• [ENTRIES SUPPLIED]
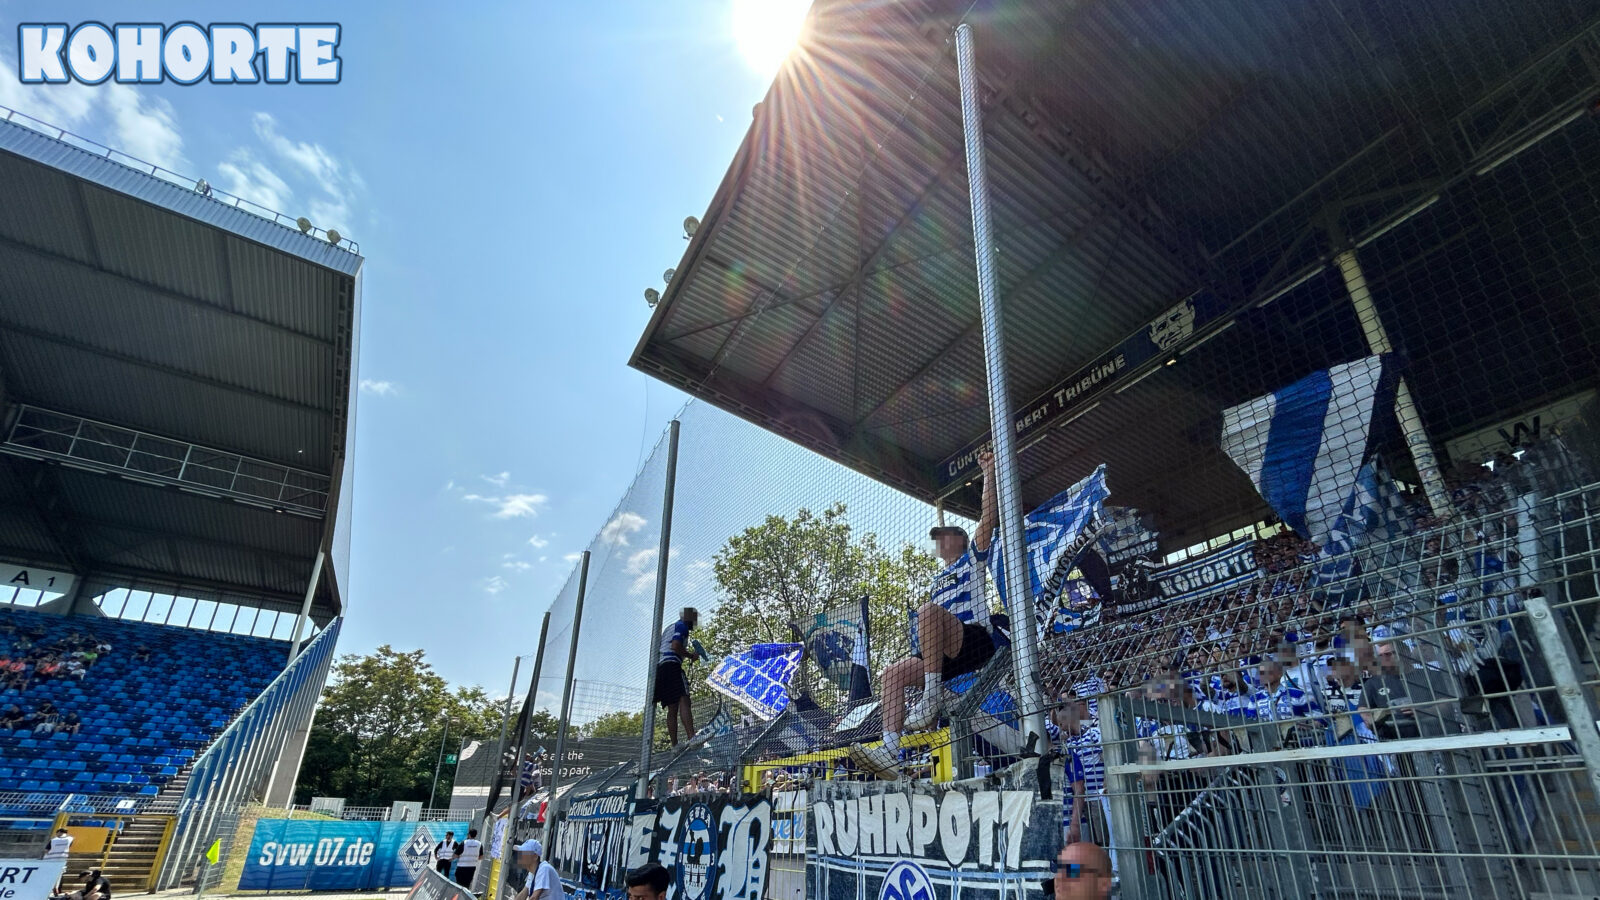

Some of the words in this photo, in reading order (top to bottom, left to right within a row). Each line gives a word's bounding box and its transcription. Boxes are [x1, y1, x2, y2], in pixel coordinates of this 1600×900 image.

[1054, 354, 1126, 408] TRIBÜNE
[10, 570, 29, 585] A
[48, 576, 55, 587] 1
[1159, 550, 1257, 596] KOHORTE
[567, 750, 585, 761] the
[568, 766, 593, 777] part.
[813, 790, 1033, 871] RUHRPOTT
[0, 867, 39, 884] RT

• [TRY IT] Return the listing exactly as it appears, excluding any image.

• [TASK SOLUTION]
Some of the words in this photo, in reading order (top to bottom, left to right within a row). Each line gives a word's bounding box and its transcription. Boxes are [x1, y1, x2, y2], in pixel coordinates of this 1600×900 image.

[1054, 354, 1126, 408] TRIBÜNE
[10, 570, 29, 585] A
[48, 576, 55, 587] 1
[1159, 550, 1257, 596] KOHORTE
[567, 750, 585, 761] the
[568, 766, 593, 777] part.
[813, 790, 1033, 871] RUHRPOTT
[0, 867, 39, 884] RT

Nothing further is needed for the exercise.